As a domain seller, if you give a potential buyer a price for your domain name but say the price is “negotiable” or that you will consider an offer, I think that not only are you throwing away your price, but you are opening the door for a much lower offer. Any shrewd business person will detect weakness with those types of terms and you are going to potentially lose money. If they had been willing to pay your $5,000 price, but you then say it’s negotiable, that means you are not firm on your price and you will most likely get less.

Another term I find to be weak is “asking” price. To me, an asking price means it’s what you are hoping to get rather than the firm price. It’s like saying “I am asking for $5,000 but am willing to take less.” I don’t like to use the term “asking price” because I also feel that weakens your position.

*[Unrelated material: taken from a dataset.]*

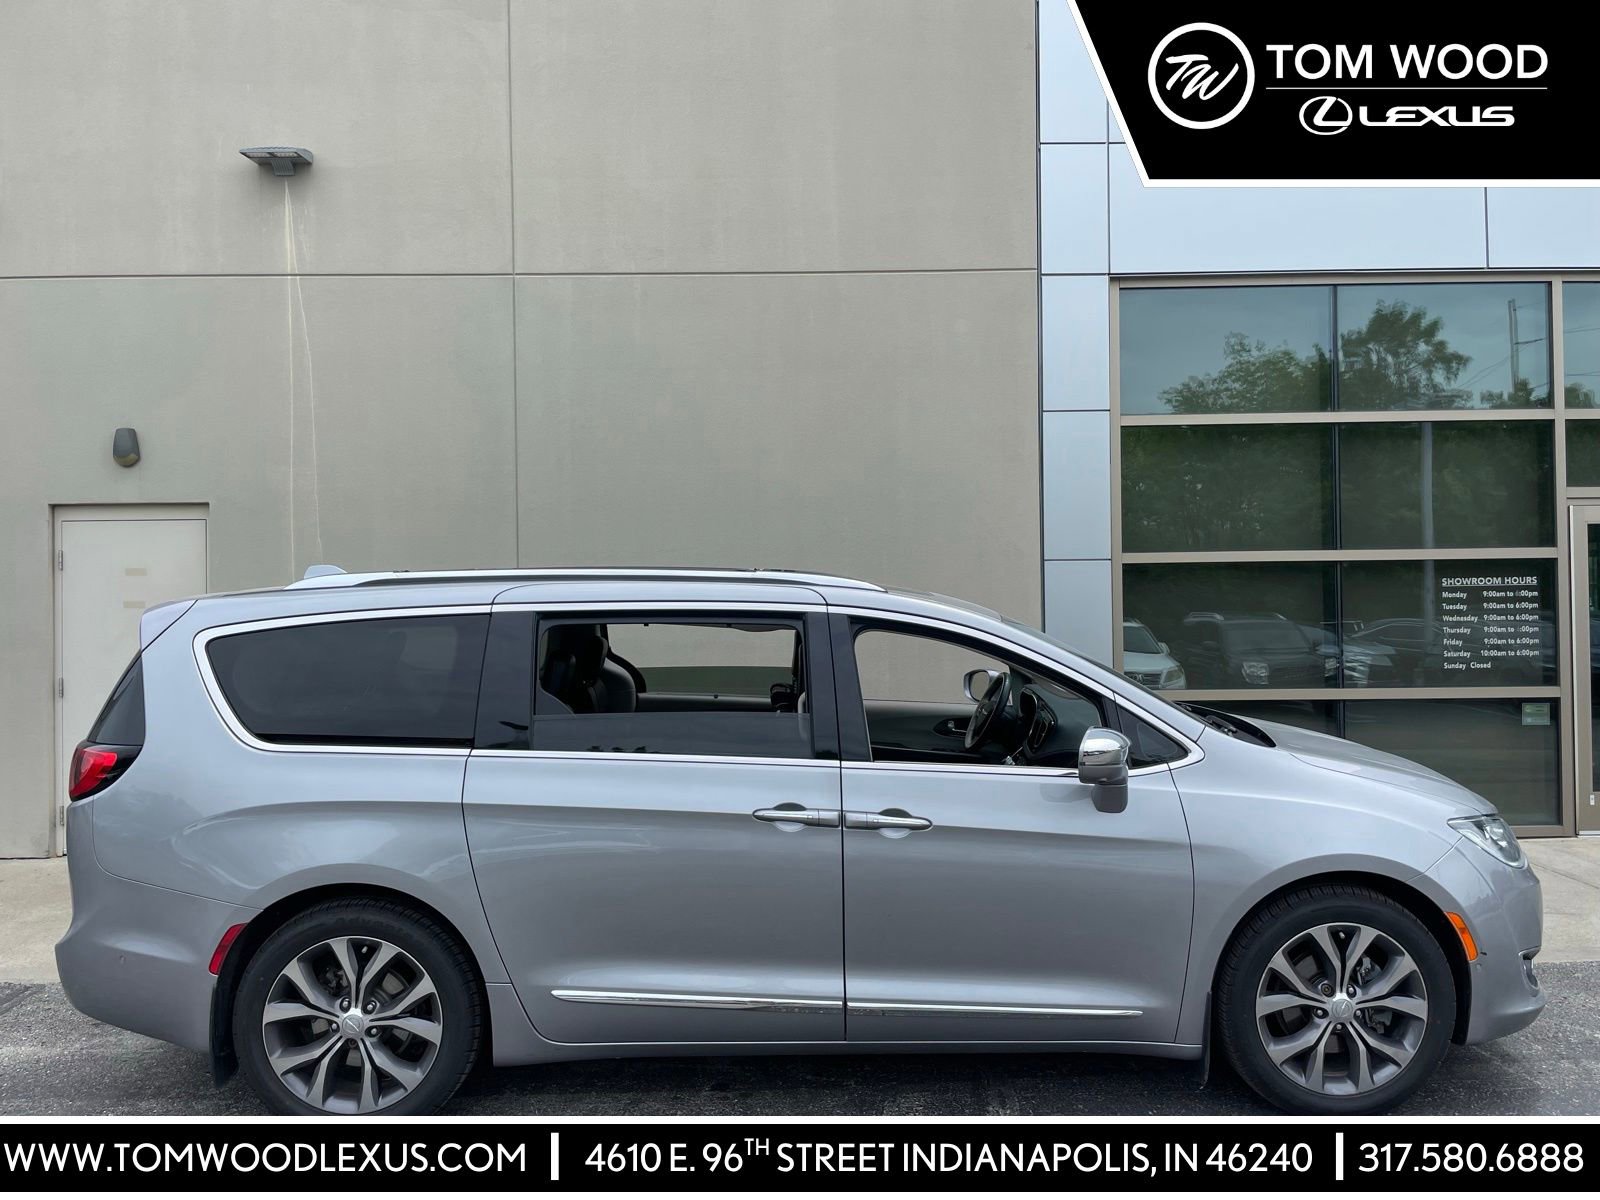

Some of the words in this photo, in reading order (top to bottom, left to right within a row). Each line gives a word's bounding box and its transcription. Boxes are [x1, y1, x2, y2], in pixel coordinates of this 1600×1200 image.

[1442, 577, 1501, 586] SHOWROOM
[1505, 576, 1537, 585] HOURS
[1516, 602, 1538, 610] 6:00pm

Here are a few terms/phrases I believe convey weakness:

  • Negotiable
  • Asking price
  • Will consider offers
  • Best offer accepted
  • Submit your best offer

I understand that many people who use those terms are probably very motivated to sell and perhaps have priced their names higher to reflect the lower offer that is sure to come. However, I think those terms, especially when used in a negotiation with an end user buyer, are signs of weakness and will lead to lower value deals than if they weren’t used.

What other terms and phrases do you think weaken your negotiating postion?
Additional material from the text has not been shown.